-------- Data
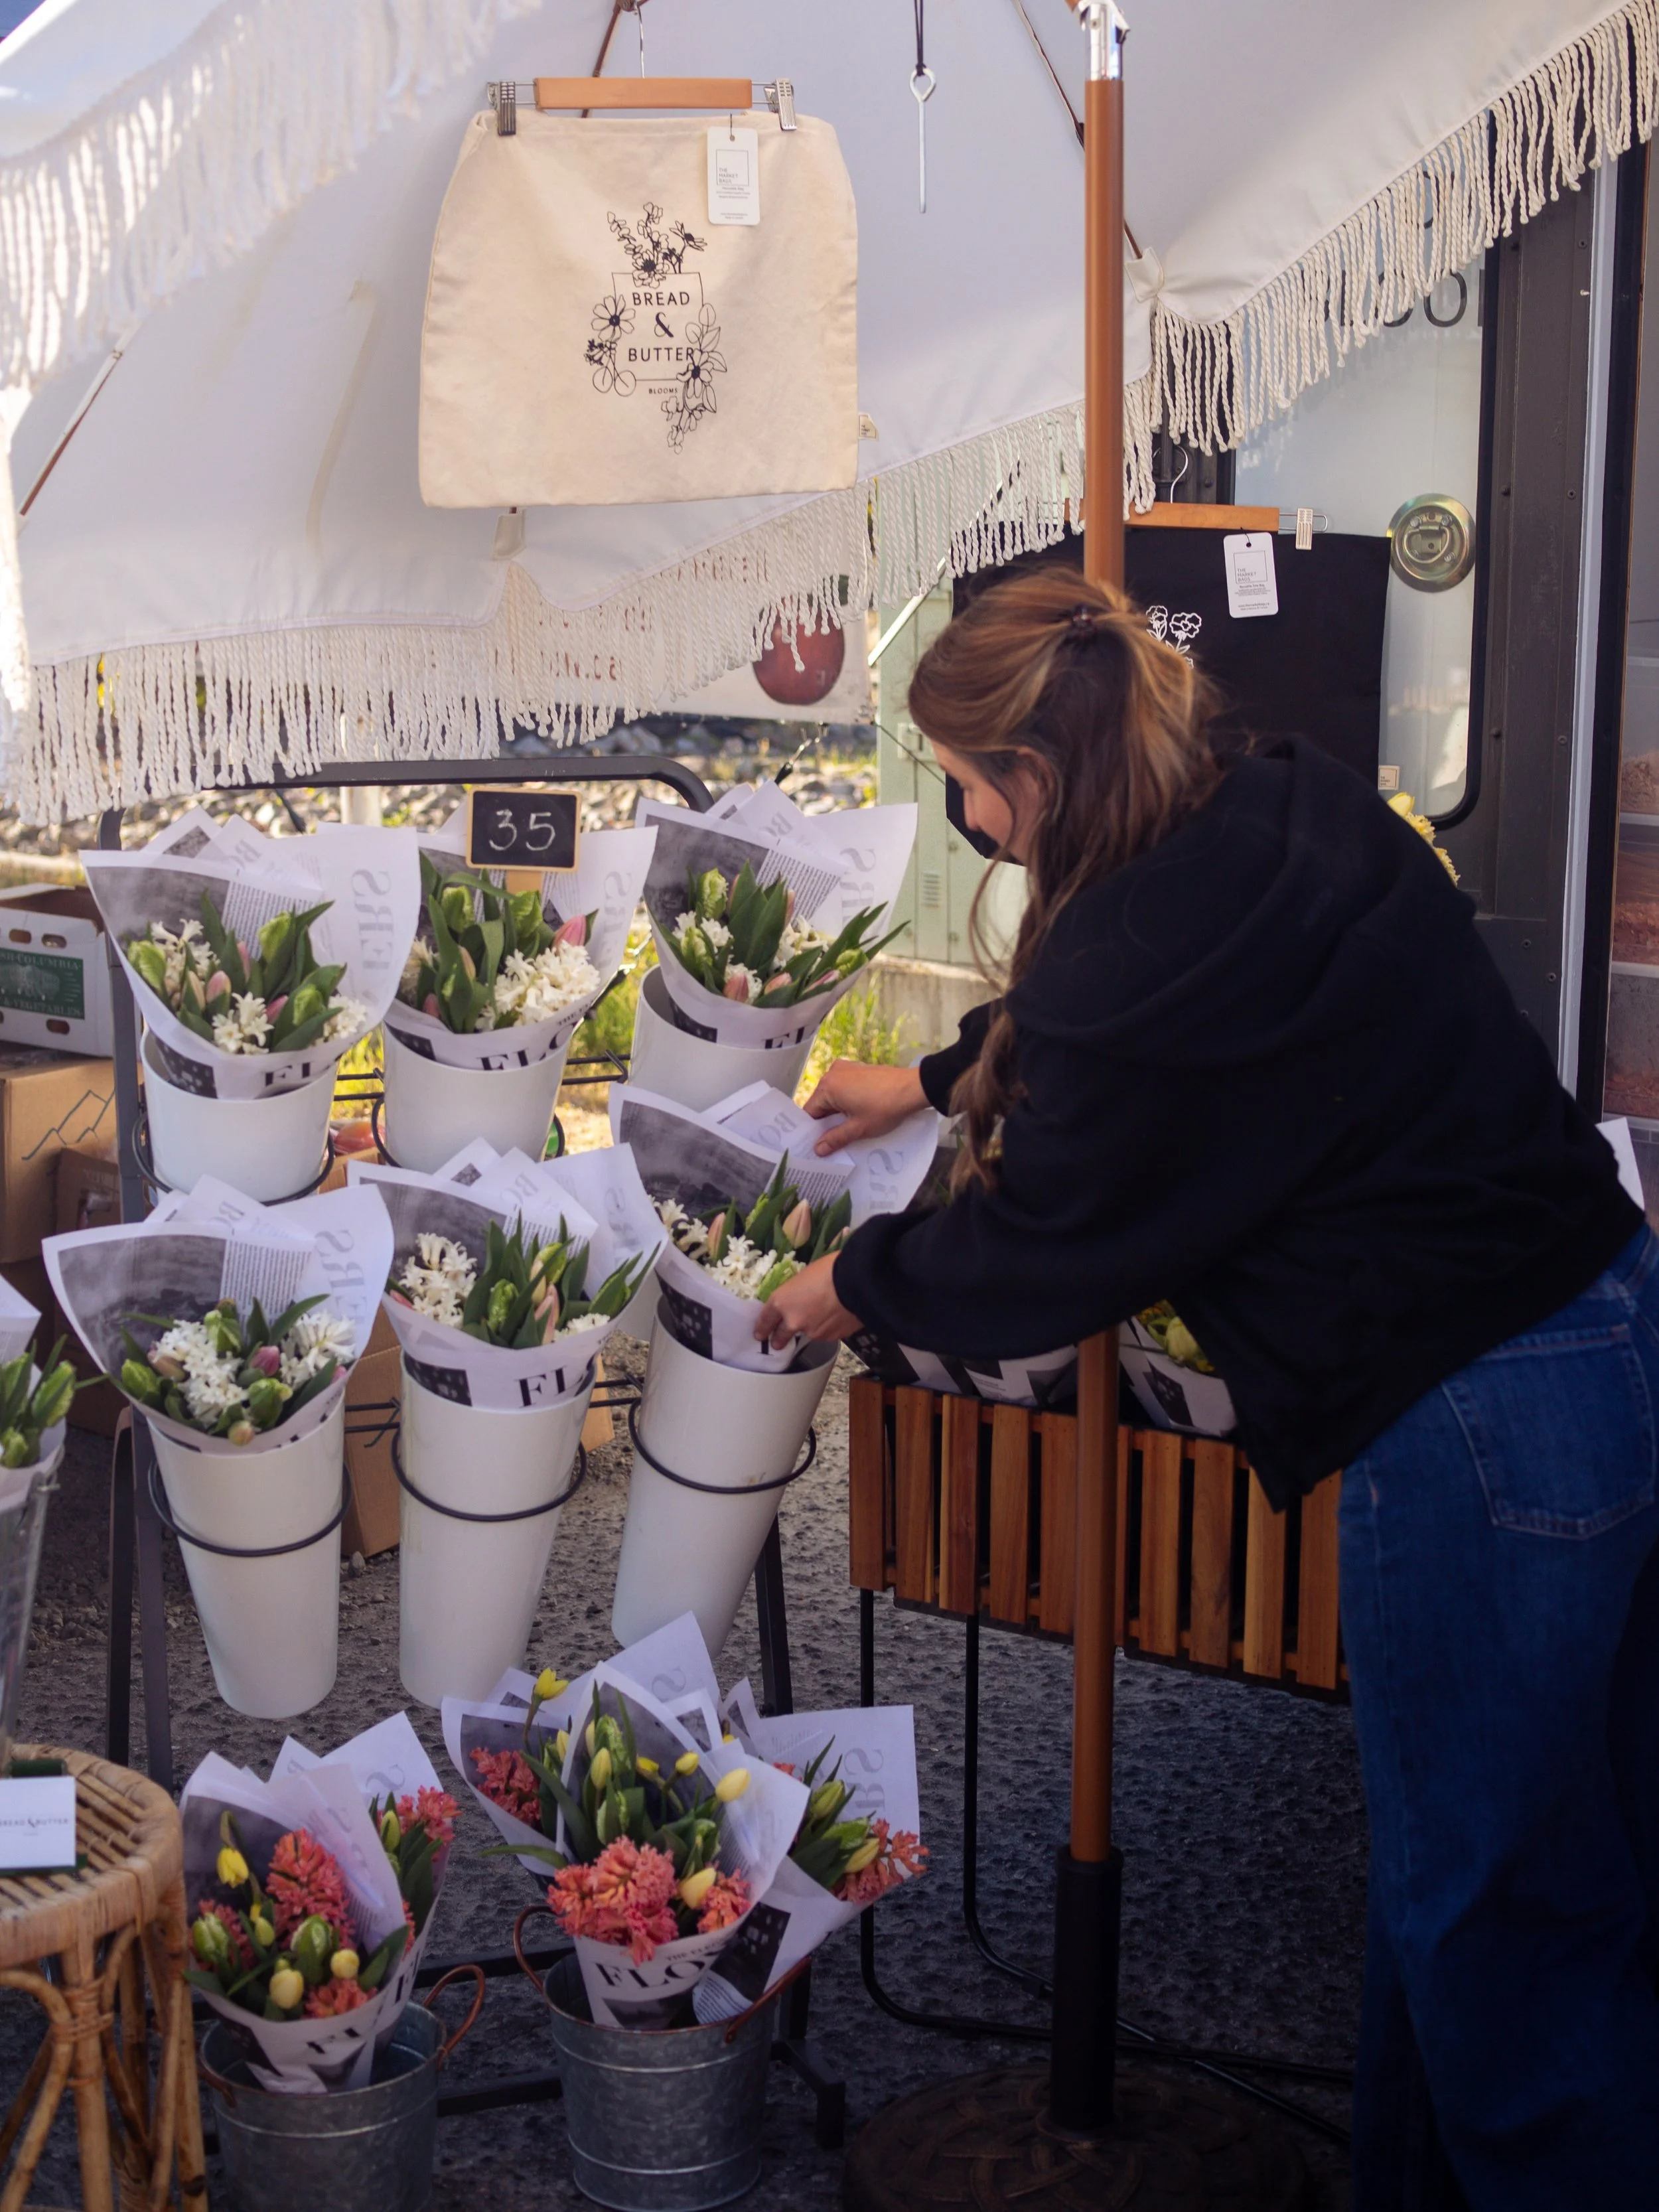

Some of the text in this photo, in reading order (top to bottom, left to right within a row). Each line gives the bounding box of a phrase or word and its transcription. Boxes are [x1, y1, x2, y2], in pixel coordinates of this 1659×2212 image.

[632, 291, 690, 307] BREAD
[654, 311, 674, 338] &
[628, 346, 695, 362] BUTTER
[488, 808, 556, 851] 35
[592, 1956, 711, 1988] FLO
----------------
## What is needed
Exactly as written, restate all of the data, leaving out the images.

## Result below
Some of the text in this photo, in reading order (top to bottom, left to right within a row). Each line gives the bounding box of a phrase or word and its transcription. Boxes are [x1, y1, x2, y2], in pixel coordinates of this 1659×2212 image.

[632, 291, 690, 307] BREAD
[654, 311, 674, 338] &
[628, 346, 695, 362] BUTTER
[488, 808, 556, 851] 35
[592, 1956, 711, 1988] FLO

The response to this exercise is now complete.